No post anterior você viajou por dentro das grandes civilizações, período pelo qual marca uma era, um verdadeiro sustentáculo ideológico, o ponto de partida entra a crença do que seria real e mitológico, do cotidiano humano e de grandes feitos divinos. Este discurso designa o princípio da existência musical.

Muitos afirmam que a arte harmônica, ou seja, a música surgiu a partir de lendas e histórias mitológicas, onde seus respectivos deuses tinham o dom de utilizar instrumentos que produziam sons. Assim a lenda grega e egípcia segundo a qual a lira teria sido inventada por Mercúrio que, tropeçou casualmente numa carcaça de tartaruga, em que estavam alguns restos do animal em forma de filamentos, ficou surpreendido com o som que dela nasceu. Este fato foi de total importância para aperfeiçoar e desencadear uma popularidade do instrumento entre toda a sociedade grega. Outro instrumento “criado pelos deuses” foi a flauta campestre (conjunto de tubos de tamanho diverso), Invenção de Pan uma das grandes divindades dos campos.

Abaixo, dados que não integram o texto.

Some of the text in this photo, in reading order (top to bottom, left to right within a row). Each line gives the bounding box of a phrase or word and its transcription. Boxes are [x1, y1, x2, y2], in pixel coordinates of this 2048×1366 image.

Em contrapartida, a história desmistifica esse conceito meio abstrato. Relata que os primeiros instrumentos musicais seriam de percussão e não os melódicos, isto explica a necessidade rítmica da natureza humana, nas suas manifestações de caráter sensório-motor: respiração, ritmo cardíaco, caminhar, correr.

No período Paleolítico os instrumentos não produziam sons, apenas ruídos, característica esta designada tanto para os de percussão tanto paro os de sopro (flautas, trompetes – todos feitos de ossos de animais sagrados).

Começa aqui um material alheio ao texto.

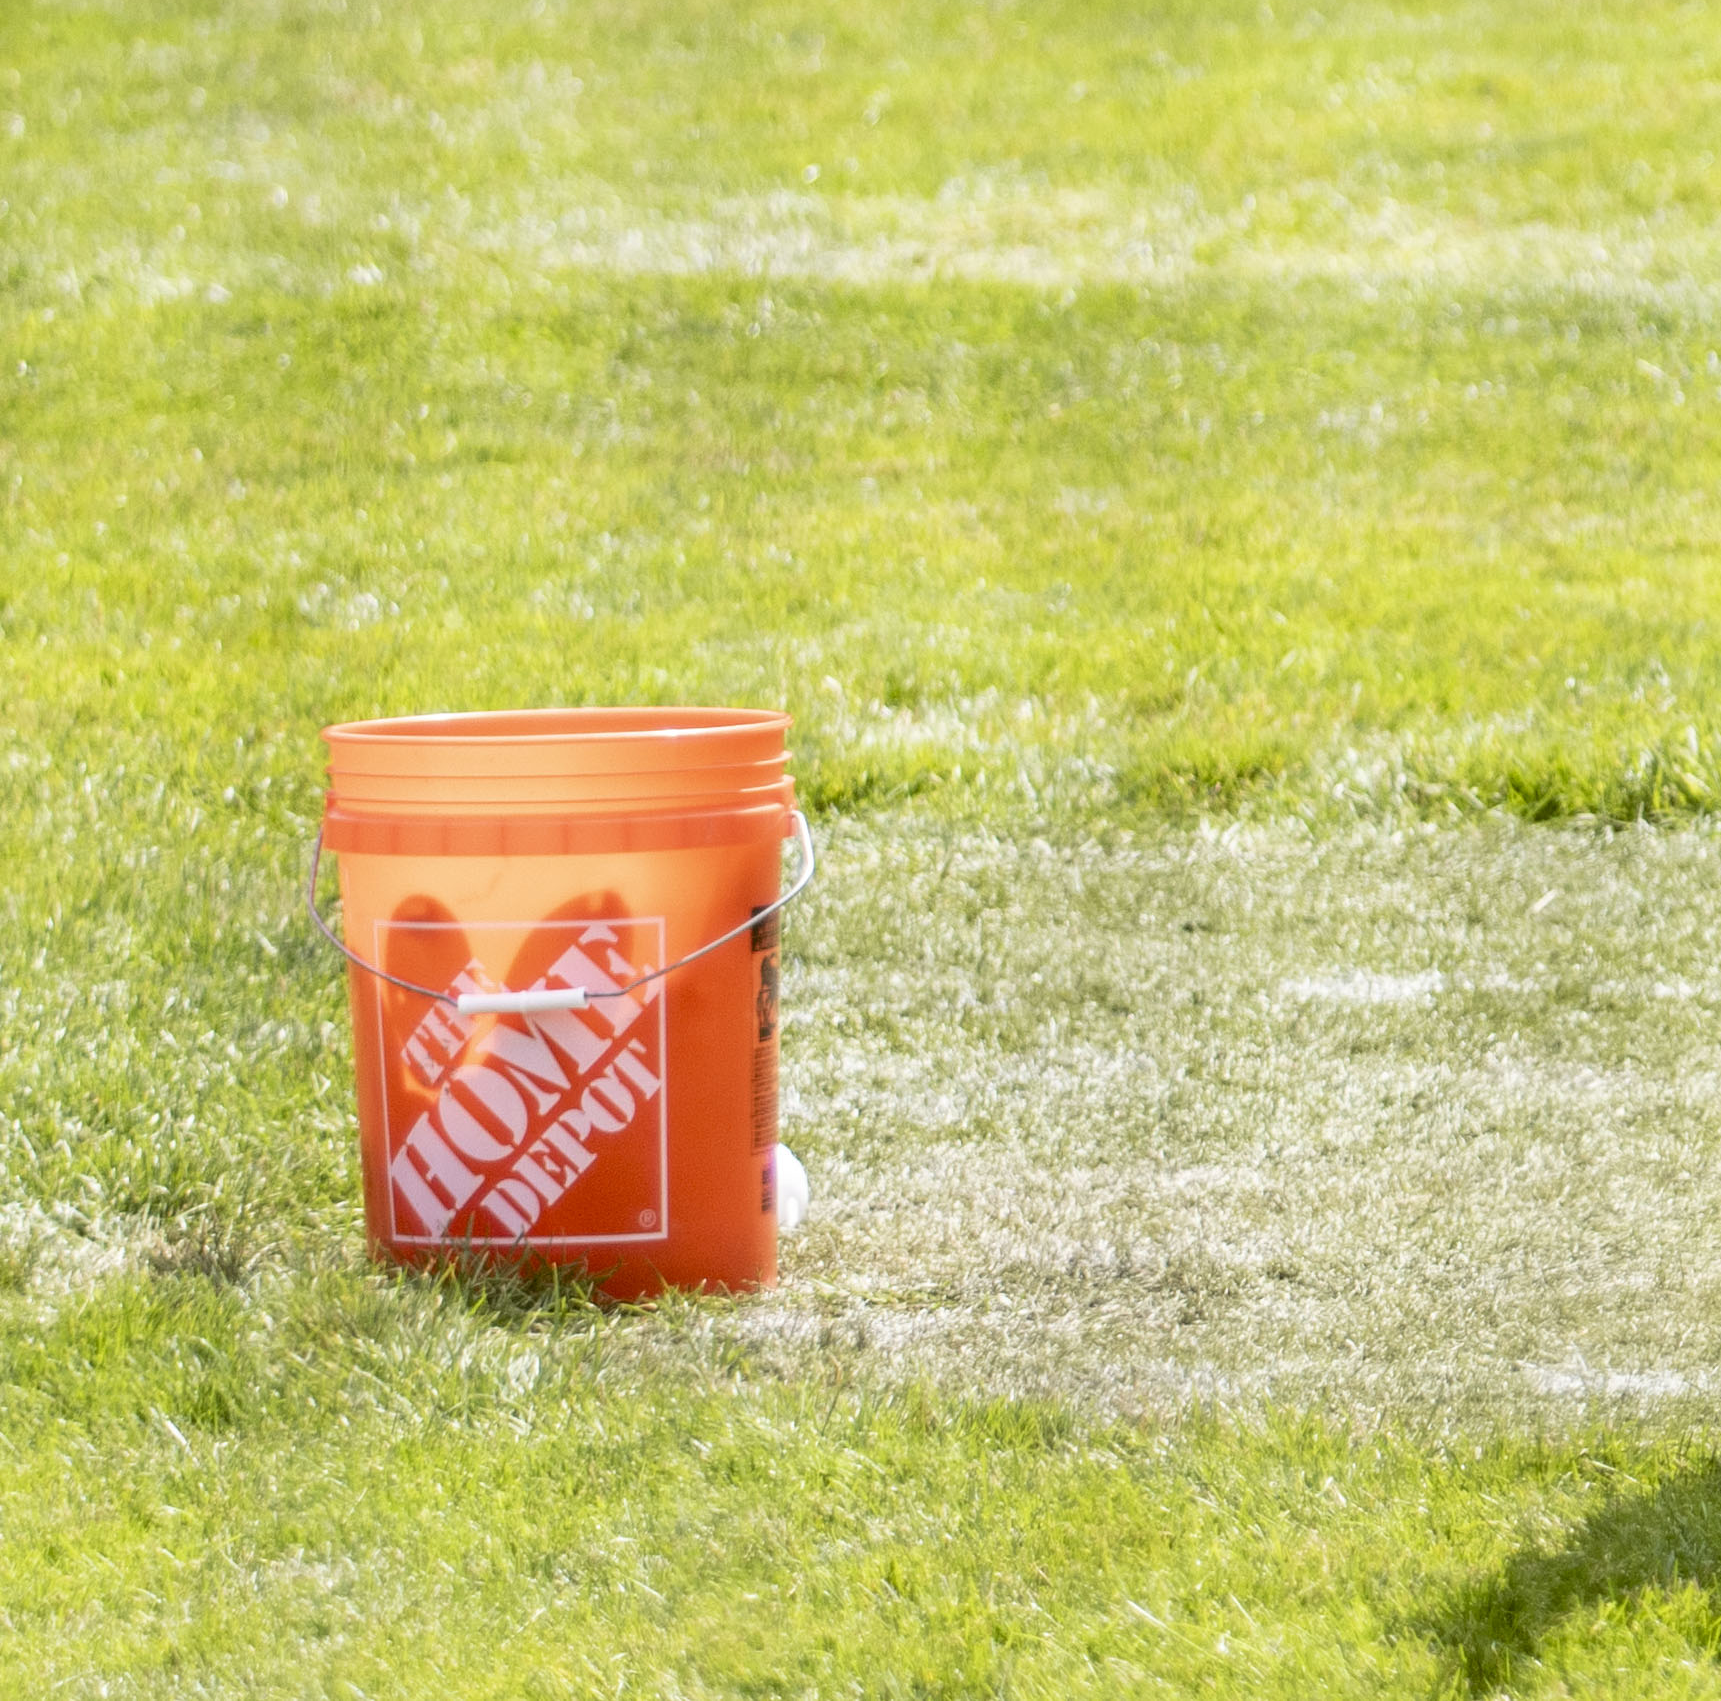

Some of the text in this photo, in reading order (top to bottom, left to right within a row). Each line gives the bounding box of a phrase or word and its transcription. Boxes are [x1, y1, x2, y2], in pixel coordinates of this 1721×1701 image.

[391, 920, 663, 1237] HOME
[401, 956, 508, 1085] THE
[480, 1037, 661, 1237] DEPOT

Já na era Neolítica brotaram muitos instrumentos, tornando esse período um momento fecundo na produção desses utensílios. Muitas espécies de tambores, xilofones, clarinetes e cítara.

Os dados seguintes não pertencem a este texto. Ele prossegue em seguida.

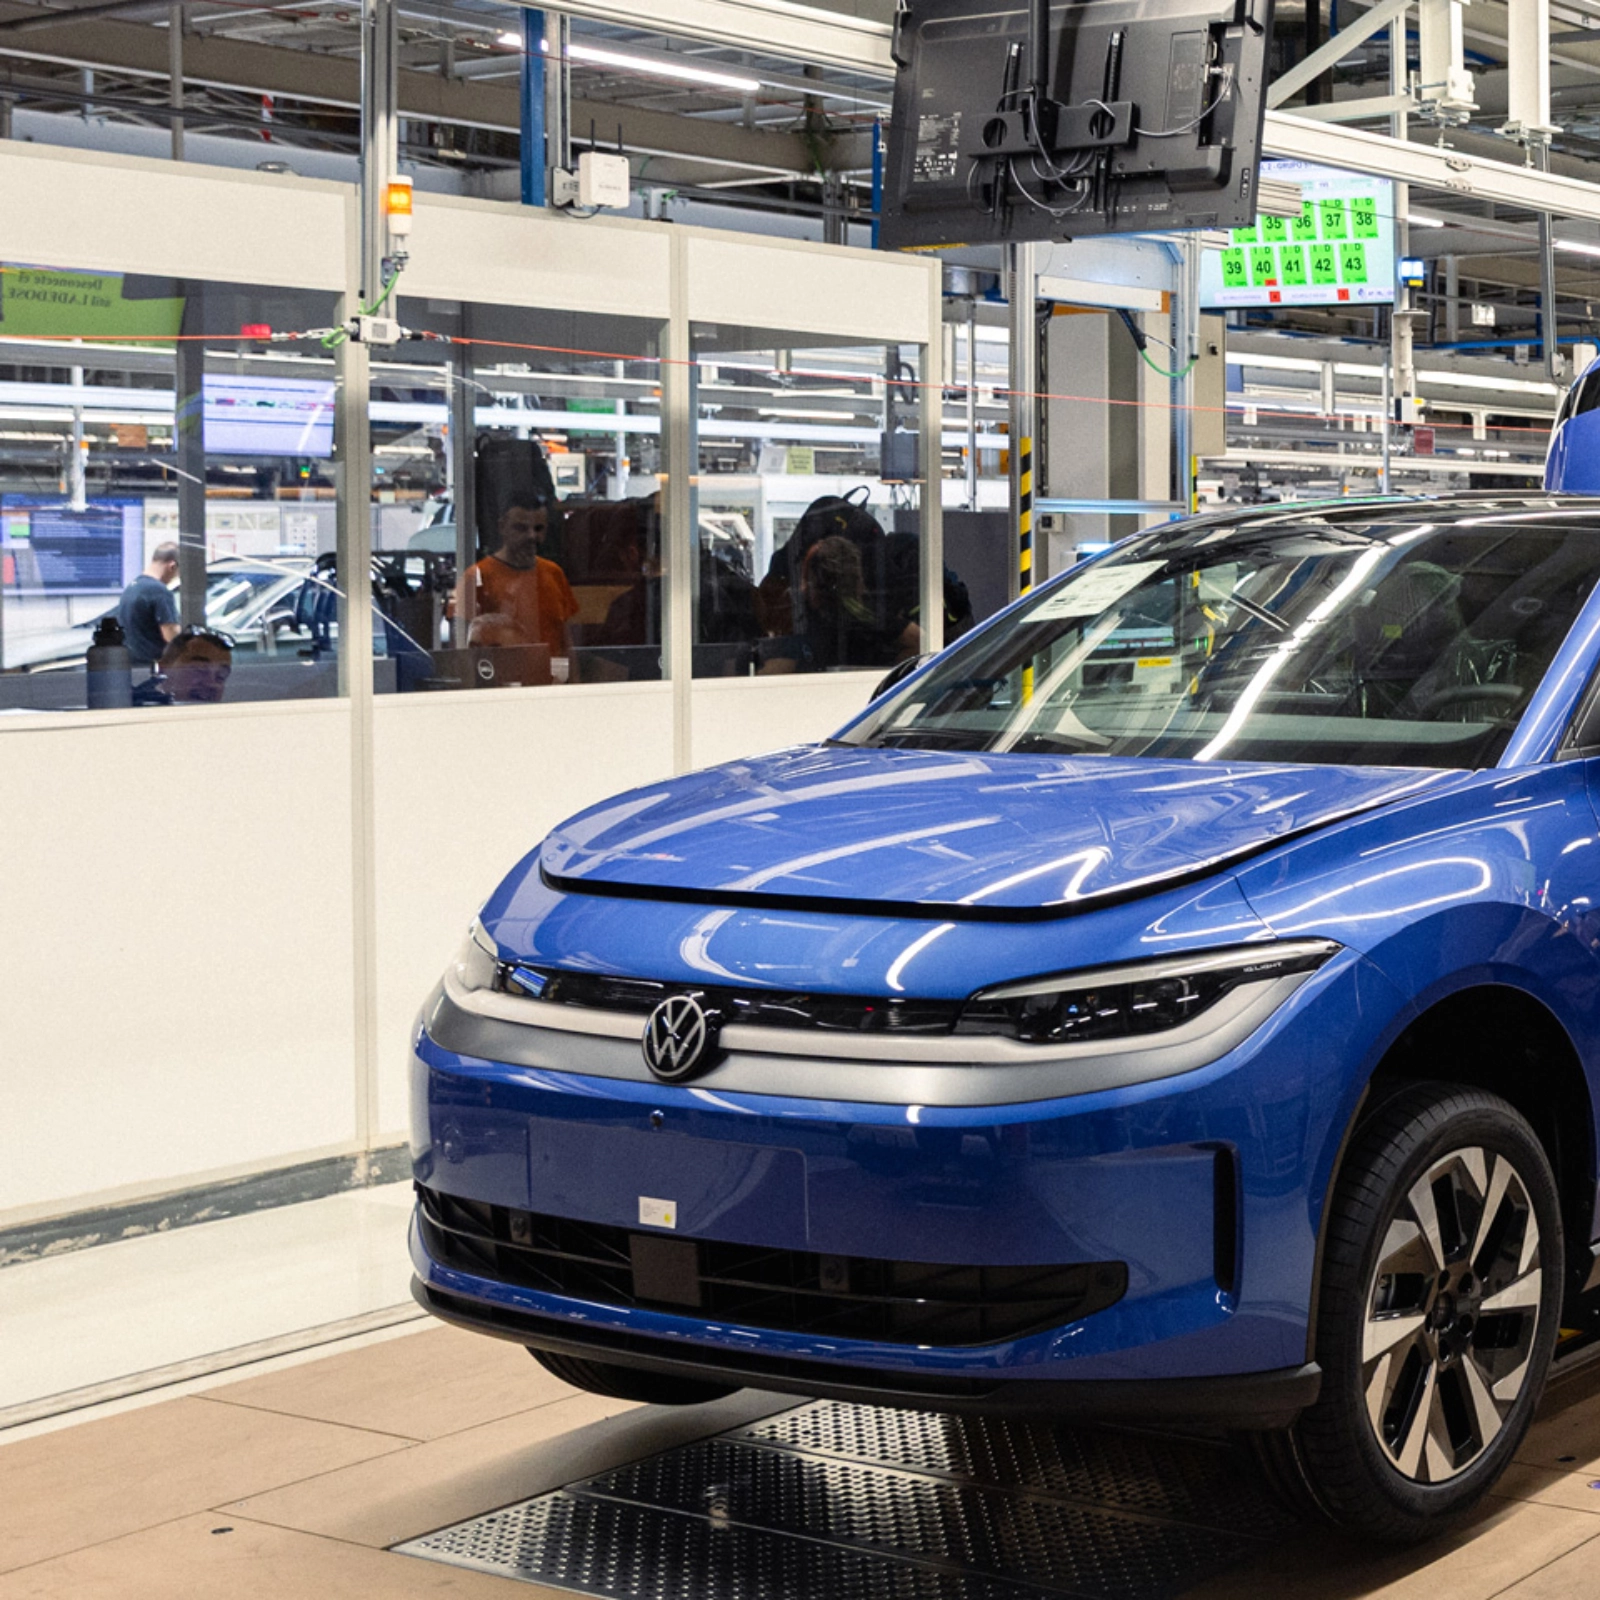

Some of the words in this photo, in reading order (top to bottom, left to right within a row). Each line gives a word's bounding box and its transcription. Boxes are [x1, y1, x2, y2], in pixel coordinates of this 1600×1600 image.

[1266, 216, 1282, 229] 35
[1296, 215, 1311, 229] 36
[1325, 213, 1341, 227] 37
[1356, 211, 1372, 226] 38
[1226, 261, 1242, 275] 39
[1256, 260, 1271, 274] 40
[1285, 259, 1300, 273] 41
[1315, 258, 1332, 272] 42
[1345, 256, 1362, 271] 43

A Idade dos Metais, trás a fabricação e aperfeiçoamento dos instrumentos a partir de outras matérias primas.

O tempo foi passando e os instrumentos foram classificados em três grupos fundamentais: membranofones, idiofones e aerofones, dos quais derivam e se desenvolvem, com um processo lento durante a Idade Média, alguns dos principais tipos dos instrumentos modernos.

O uso primitivo dos instrumentos era de caráter religioso, e a sua estrutura nasceu de uma necessidade física ou fisiológica. Usavam-se na luta contra os espíritos malignos, para evocar ou aplacar as forças ocultas da natureza e para tornar favorável aos principais acontecimentos da vida humana, para manter longe os males e as doenças; estas necessidades foram, portanto, determinando o uso e a própria natureza dos instrumentos e influenciaram até a concepção da música.

Por essas razões históricas, a harmonia, melodia e o próprio ritmo sempre farão parte das nossas vidas.